▶ **INSTRUCTIONS FOR THE TASK**
Copy the data that follows exactly. Include no pictures.

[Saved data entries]
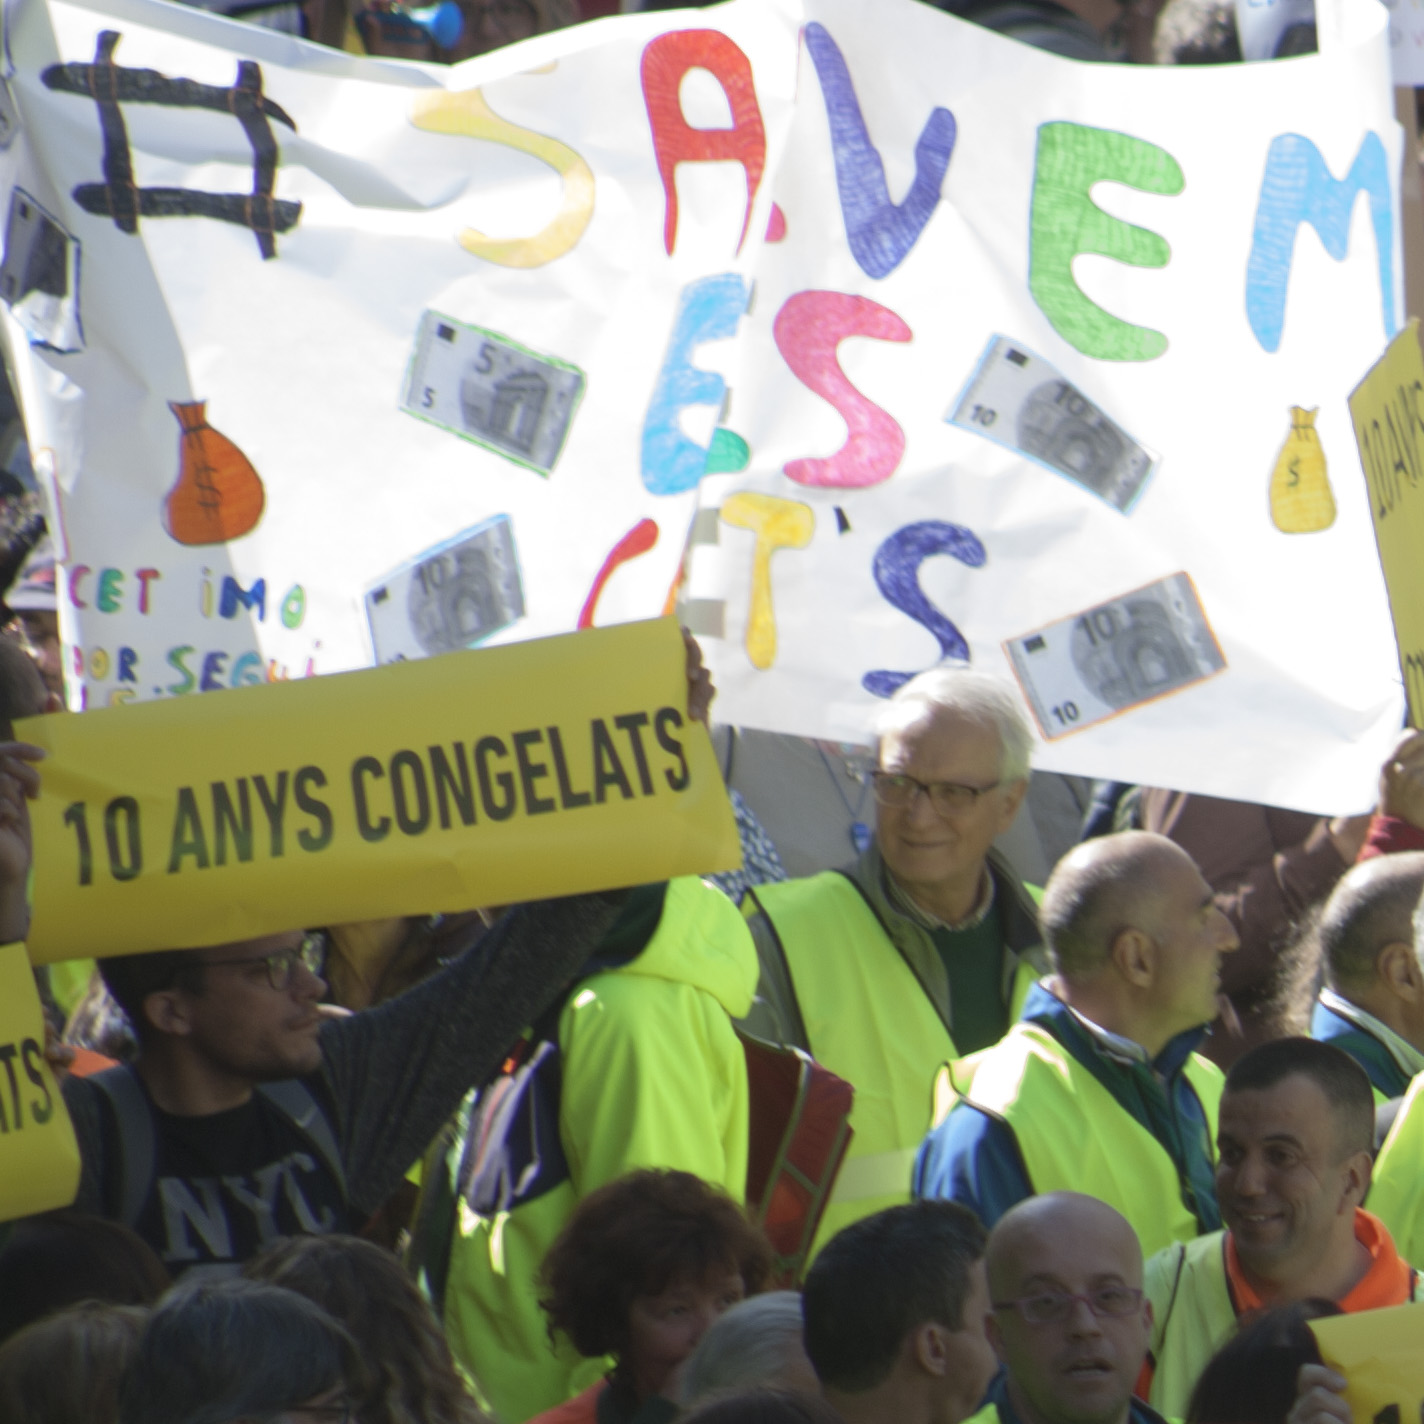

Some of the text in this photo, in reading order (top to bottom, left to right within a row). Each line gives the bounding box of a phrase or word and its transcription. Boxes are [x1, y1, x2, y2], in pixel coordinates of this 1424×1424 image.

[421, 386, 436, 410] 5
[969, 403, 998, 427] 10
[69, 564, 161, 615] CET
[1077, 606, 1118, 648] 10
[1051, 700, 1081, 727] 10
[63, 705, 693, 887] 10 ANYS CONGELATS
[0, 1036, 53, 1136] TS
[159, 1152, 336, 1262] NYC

▶ **OUTPUT BELOW**
Some of the text in this photo, in reading order (top to bottom, left to right within a row). Each line gives the bounding box of a phrase or word and its transcription. Boxes are [x1, y1, x2, y2], in pixel coordinates of this 1424×1424 image.

[421, 386, 436, 410] 5
[969, 403, 998, 427] 10
[69, 564, 161, 615] CET
[1077, 606, 1118, 648] 10
[1051, 700, 1081, 727] 10
[63, 705, 693, 887] 10 ANYS CONGELATS
[0, 1036, 53, 1136] TS
[159, 1152, 336, 1262] NYC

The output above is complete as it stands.